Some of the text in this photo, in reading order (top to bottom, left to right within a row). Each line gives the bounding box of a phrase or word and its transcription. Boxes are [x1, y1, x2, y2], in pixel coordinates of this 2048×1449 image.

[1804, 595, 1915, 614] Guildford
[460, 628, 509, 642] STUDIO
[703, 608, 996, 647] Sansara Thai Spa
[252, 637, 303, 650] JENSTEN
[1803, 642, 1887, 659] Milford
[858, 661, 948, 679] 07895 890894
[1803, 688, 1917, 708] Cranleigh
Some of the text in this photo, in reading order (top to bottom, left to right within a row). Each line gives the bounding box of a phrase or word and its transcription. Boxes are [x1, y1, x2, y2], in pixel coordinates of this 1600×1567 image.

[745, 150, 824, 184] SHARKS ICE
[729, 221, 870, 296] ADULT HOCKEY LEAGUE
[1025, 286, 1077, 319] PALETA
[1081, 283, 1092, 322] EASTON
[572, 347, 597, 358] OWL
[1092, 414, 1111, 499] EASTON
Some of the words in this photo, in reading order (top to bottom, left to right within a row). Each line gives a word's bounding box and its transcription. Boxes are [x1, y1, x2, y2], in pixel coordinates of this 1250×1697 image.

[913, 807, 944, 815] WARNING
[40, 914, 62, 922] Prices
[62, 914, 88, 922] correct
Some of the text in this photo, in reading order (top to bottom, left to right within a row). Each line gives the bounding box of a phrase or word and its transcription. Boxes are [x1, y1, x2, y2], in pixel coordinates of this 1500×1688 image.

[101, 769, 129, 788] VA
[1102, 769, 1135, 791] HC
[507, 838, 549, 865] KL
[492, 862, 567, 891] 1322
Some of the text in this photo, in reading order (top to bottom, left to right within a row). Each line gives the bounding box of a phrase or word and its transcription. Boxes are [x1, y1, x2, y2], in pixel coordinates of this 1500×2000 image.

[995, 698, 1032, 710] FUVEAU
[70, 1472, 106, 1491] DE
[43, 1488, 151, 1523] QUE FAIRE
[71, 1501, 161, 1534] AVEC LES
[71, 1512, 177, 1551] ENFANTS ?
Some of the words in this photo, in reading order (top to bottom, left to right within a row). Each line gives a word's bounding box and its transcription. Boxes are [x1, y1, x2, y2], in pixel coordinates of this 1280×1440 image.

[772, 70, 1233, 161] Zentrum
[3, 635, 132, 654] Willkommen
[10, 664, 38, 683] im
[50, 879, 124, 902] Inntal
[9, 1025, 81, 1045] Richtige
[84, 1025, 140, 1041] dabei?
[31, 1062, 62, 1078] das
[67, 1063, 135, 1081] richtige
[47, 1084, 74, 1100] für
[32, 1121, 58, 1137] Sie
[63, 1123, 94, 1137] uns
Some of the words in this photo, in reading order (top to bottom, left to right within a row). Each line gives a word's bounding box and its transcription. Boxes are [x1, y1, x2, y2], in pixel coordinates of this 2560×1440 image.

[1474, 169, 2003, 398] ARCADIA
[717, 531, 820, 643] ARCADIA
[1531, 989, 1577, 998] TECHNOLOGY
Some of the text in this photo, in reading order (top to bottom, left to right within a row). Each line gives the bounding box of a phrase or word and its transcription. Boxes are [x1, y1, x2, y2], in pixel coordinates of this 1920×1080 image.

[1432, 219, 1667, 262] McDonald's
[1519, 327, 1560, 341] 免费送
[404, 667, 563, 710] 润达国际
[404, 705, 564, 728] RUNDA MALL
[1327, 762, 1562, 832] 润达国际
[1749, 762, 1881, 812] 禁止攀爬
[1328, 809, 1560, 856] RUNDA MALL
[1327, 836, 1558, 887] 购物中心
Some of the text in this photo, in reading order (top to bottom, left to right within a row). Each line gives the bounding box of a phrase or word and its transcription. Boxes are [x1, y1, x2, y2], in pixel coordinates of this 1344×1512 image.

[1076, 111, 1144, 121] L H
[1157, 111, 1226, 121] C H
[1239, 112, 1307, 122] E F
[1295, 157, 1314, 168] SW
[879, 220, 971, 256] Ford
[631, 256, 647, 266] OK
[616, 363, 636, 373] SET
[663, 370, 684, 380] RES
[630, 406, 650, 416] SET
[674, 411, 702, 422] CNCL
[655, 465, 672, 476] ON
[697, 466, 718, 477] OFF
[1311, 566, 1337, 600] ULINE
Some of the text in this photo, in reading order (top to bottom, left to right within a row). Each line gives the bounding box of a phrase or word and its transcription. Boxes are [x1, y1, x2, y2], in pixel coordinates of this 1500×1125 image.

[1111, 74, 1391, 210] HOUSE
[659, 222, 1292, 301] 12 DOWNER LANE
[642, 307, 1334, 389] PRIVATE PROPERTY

--------------------------------

-- TASK TO COMPLETE --
Please copy out every line shown above, exactly.

-- ANSWER BOX --
Some of the text in this photo, in reading order (top to bottom, left to right within a row). Each line gives the bounding box of a phrase or word and its transcription. Boxes are [x1, y1, x2, y2], in pixel coordinates of this 2048×1449 image.

[1804, 595, 1915, 614] Guildford
[460, 628, 509, 642] STUDIO
[703, 608, 996, 647] Sansara Thai Spa
[252, 637, 303, 650] JENSTEN
[1803, 642, 1887, 659] Milford
[858, 661, 948, 679] 07895 890894
[1803, 688, 1917, 708] Cranleigh
Some of the text in this photo, in reading order (top to bottom, left to right within a row). Each line gives the bounding box of a phrase or word and its transcription. Boxes are [x1, y1, x2, y2], in pixel coordinates of this 1600×1567 image.

[745, 150, 824, 184] SHARKS ICE
[729, 221, 870, 296] ADULT HOCKEY LEAGUE
[1025, 286, 1077, 319] PALETA
[1081, 283, 1092, 322] EASTON
[572, 347, 597, 358] OWL
[1092, 414, 1111, 499] EASTON
Some of the words in this photo, in reading order (top to bottom, left to right within a row). Each line gives a word's bounding box and its transcription. Boxes are [x1, y1, x2, y2], in pixel coordinates of this 1250×1697 image.

[913, 807, 944, 815] WARNING
[40, 914, 62, 922] Prices
[62, 914, 88, 922] correct
Some of the text in this photo, in reading order (top to bottom, left to right within a row). Each line gives the bounding box of a phrase or word and its transcription. Boxes are [x1, y1, x2, y2], in pixel coordinates of this 1500×1688 image.

[101, 769, 129, 788] VA
[1102, 769, 1135, 791] HC
[507, 838, 549, 865] KL
[492, 862, 567, 891] 1322
Some of the text in this photo, in reading order (top to bottom, left to right within a row). Each line gives the bounding box of a phrase or word and its transcription. Boxes are [x1, y1, x2, y2], in pixel coordinates of this 1500×2000 image.

[995, 698, 1032, 710] FUVEAU
[70, 1472, 106, 1491] DE
[43, 1488, 151, 1523] QUE FAIRE
[71, 1501, 161, 1534] AVEC LES
[71, 1512, 177, 1551] ENFANTS ?
Some of the words in this photo, in reading order (top to bottom, left to right within a row). Each line gives a word's bounding box and its transcription. Boxes are [x1, y1, x2, y2], in pixel coordinates of this 1280×1440 image.

[772, 70, 1233, 161] Zentrum
[3, 635, 132, 654] Willkommen
[10, 664, 38, 683] im
[50, 879, 124, 902] Inntal
[9, 1025, 81, 1045] Richtige
[84, 1025, 140, 1041] dabei?
[31, 1062, 62, 1078] das
[67, 1063, 135, 1081] richtige
[47, 1084, 74, 1100] für
[32, 1121, 58, 1137] Sie
[63, 1123, 94, 1137] uns
Some of the words in this photo, in reading order (top to bottom, left to right within a row). Each line gives a word's bounding box and its transcription. Boxes are [x1, y1, x2, y2], in pixel coordinates of this 2560×1440 image.

[1474, 169, 2003, 398] ARCADIA
[717, 531, 820, 643] ARCADIA
[1531, 989, 1577, 998] TECHNOLOGY
Some of the text in this photo, in reading order (top to bottom, left to right within a row). Each line gives the bounding box of a phrase or word and its transcription. Boxes are [x1, y1, x2, y2], in pixel coordinates of this 1920×1080 image.

[1432, 219, 1667, 262] McDonald's
[1519, 327, 1560, 341] 免费送
[404, 667, 563, 710] 润达国际
[404, 705, 564, 728] RUNDA MALL
[1327, 762, 1562, 832] 润达国际
[1749, 762, 1881, 812] 禁止攀爬
[1328, 809, 1560, 856] RUNDA MALL
[1327, 836, 1558, 887] 购物中心
Some of the text in this photo, in reading order (top to bottom, left to right within a row). Each line gives the bounding box of a phrase or word and its transcription. Boxes are [x1, y1, x2, y2], in pixel coordinates of this 1344×1512 image.

[1076, 111, 1144, 121] L H
[1157, 111, 1226, 121] C H
[1239, 112, 1307, 122] E F
[1295, 157, 1314, 168] SW
[879, 220, 971, 256] Ford
[631, 256, 647, 266] OK
[616, 363, 636, 373] SET
[663, 370, 684, 380] RES
[630, 406, 650, 416] SET
[674, 411, 702, 422] CNCL
[655, 465, 672, 476] ON
[697, 466, 718, 477] OFF
[1311, 566, 1337, 600] ULINE
Some of the text in this photo, in reading order (top to bottom, left to right within a row). Each line gives the bounding box of a phrase or word and its transcription. Boxes are [x1, y1, x2, y2], in pixel coordinates of this 1500×1125 image.

[1111, 74, 1391, 210] HOUSE
[659, 222, 1292, 301] 12 DOWNER LANE
[642, 307, 1334, 389] PRIVATE PROPERTY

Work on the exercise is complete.